Input data:
::::::::
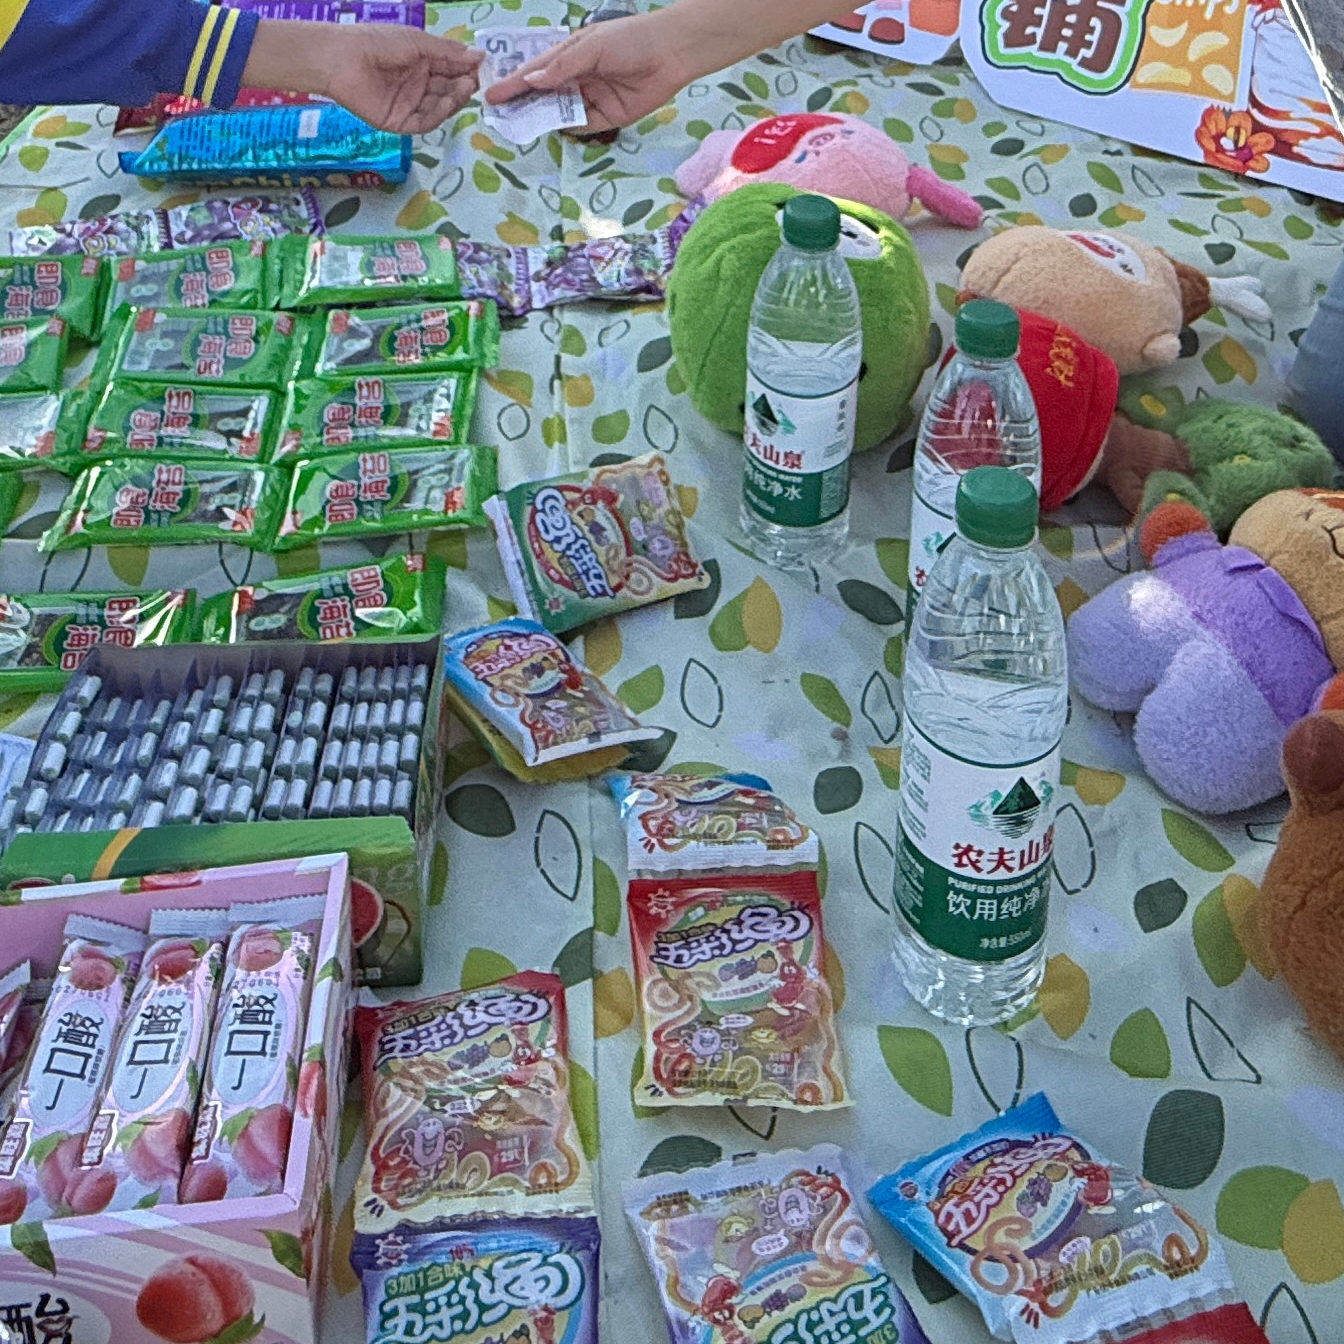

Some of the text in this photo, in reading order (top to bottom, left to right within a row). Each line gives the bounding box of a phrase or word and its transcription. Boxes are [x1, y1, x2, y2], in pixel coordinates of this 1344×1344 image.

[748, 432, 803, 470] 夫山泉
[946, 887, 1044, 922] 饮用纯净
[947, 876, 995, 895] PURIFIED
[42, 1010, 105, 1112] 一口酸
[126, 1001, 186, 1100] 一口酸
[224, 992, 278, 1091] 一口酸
::::::::
What you have to do: Omit every picture, then write out the entries above exactly.

Output below:
Some of the text in this photo, in reading order (top to bottom, left to right within a row). Each line gives the bounding box of a phrase or word and its transcription. Boxes are [x1, y1, x2, y2], in pixel coordinates of this 1344×1344 image.

[748, 432, 803, 470] 夫山泉
[946, 887, 1044, 922] 饮用纯净
[947, 876, 995, 895] PURIFIED
[42, 1010, 105, 1112] 一口酸
[126, 1001, 186, 1100] 一口酸
[224, 992, 278, 1091] 一口酸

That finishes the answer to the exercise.